Significant reductions in CO2 emissions cannot be achieved without conceptual rigour in building design. We have been asking for some years ‘how much does the building have to weigh?’ in order to avoid the need for excessive energy. The answer is that buildings need to be relatively heavy, not light. For a typical commercial building, a concrete structure exposed to the interior is now a more-or-less automatic choice for environmental reasons, probably vaulted or profiled to increase the surface area exposed to the air stream. If the structure is cooled on warm summer nights by natural cross-ventilation, it can provide the equivalent of up to 5° of free cooling the following day – more than enough to counter the effects of a hot English summer.
The architectural significance is of course that the structure must be exposed; the system won’t work if the structure is concealed behind suspended ceilings or layers of plasterboard.

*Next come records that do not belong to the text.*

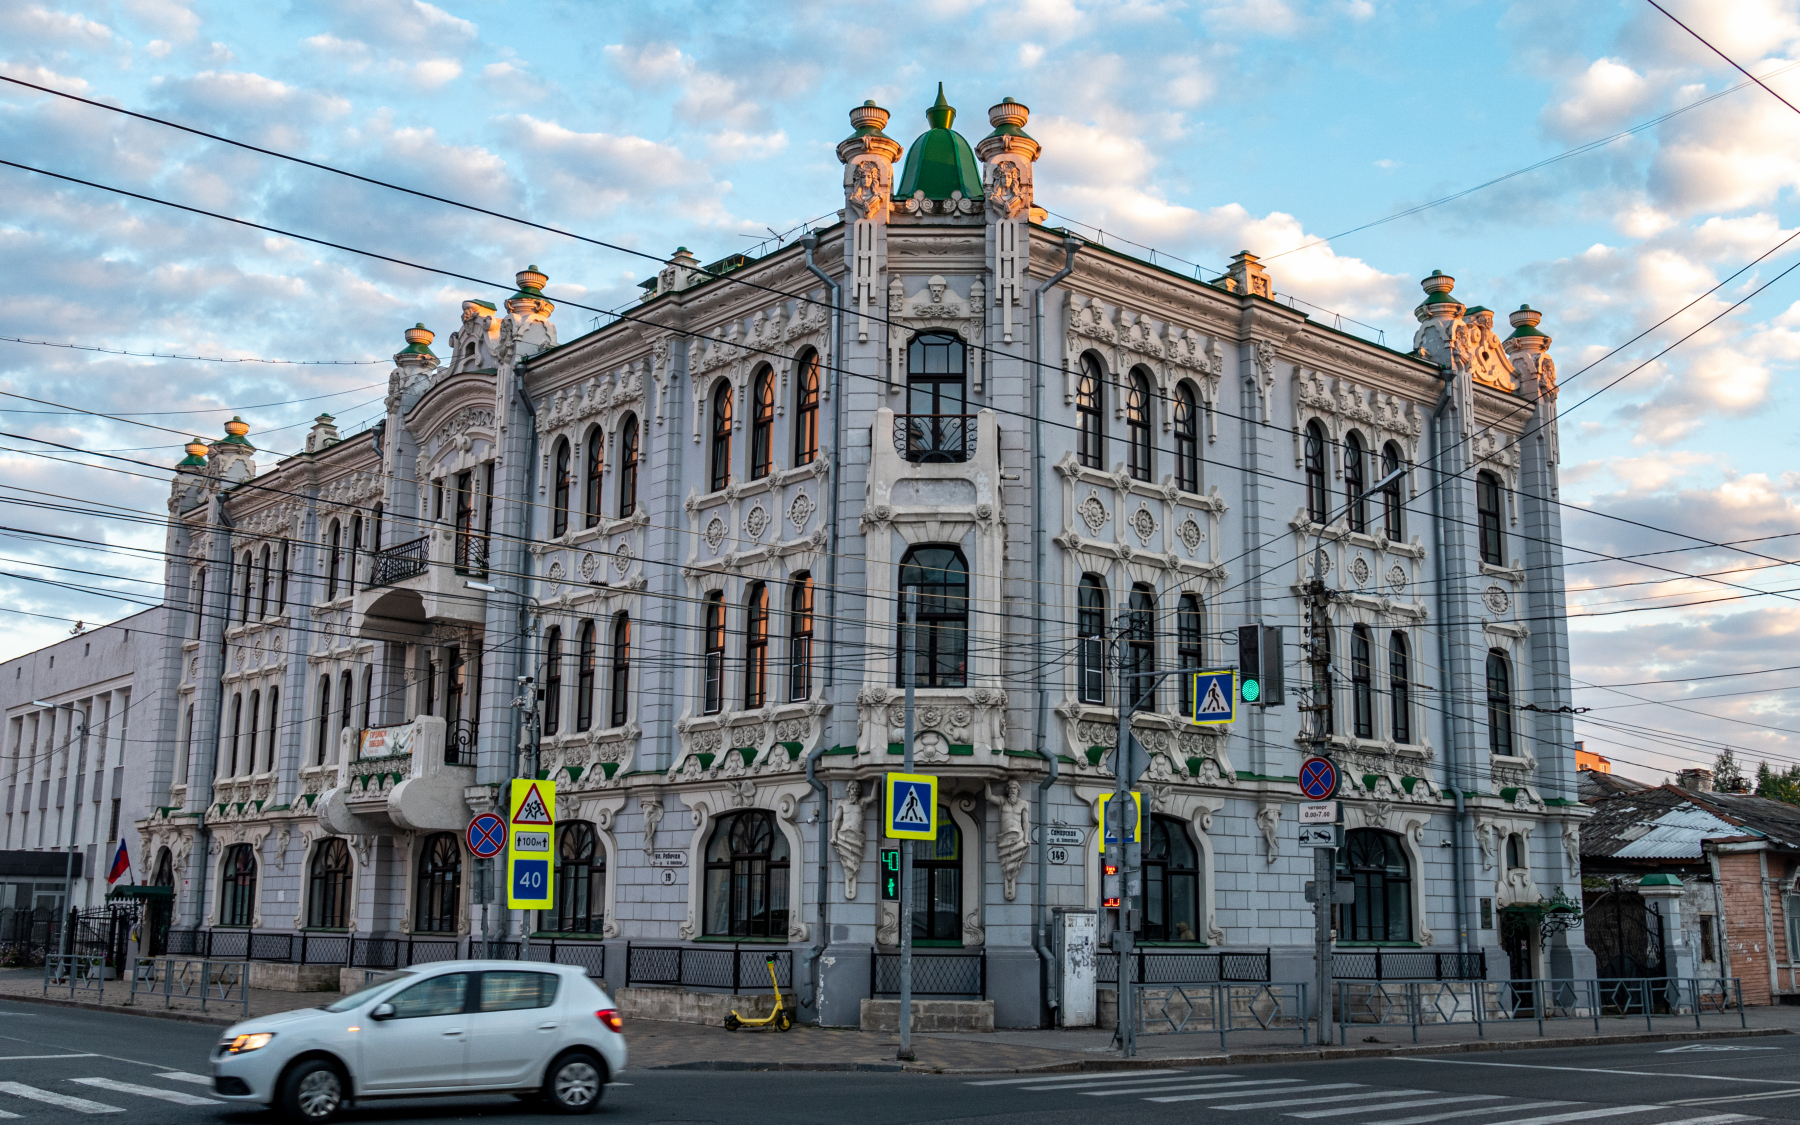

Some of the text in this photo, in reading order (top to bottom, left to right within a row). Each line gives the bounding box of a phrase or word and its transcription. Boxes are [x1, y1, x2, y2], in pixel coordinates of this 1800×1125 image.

[1051, 829, 1076, 837] Самарская
[523, 837, 542, 847] 100м
[1051, 851, 1065, 860] 149
[882, 851, 899, 871] 40
[519, 871, 541, 888] 40
[665, 873, 671, 881] 19

The internal spaces must also be protected from various heat sources, such as solar gain or large concentrations of IT equipment.
A building’s form, its envelope, structure and services are now so intrinsically linked that it is impossible to consider them as separate assemblies.
At its simplest and most elegant, structure helps fulfil the role normally performed by major mechanical services. The extent of glazing or shading, the thermal mass of the exposed structure, patterns of ventilation and the natural buoyancy of air in major volumes must all be considered at the outset. If we as architects fail to address these concerns, environmental consultants will shape buildings for us. As contractors increasingly dominate the design process, if we relinquish the sustainability debate to the engineers, our role will be reduced to that of a mere stylist.
Sustainability represents a Trojan horse for the architect to redefine a leadership role in the construction process. It also reinvigorates the formal and intellectual link between outside and inside, between appearance and performance and between construction and form. Far from being an endangered species whose time has come, integrity has the potential to engender an architecture of substance and depth and simultaneously reverse the process of marginalisation that has characterised architectural practice for far too long.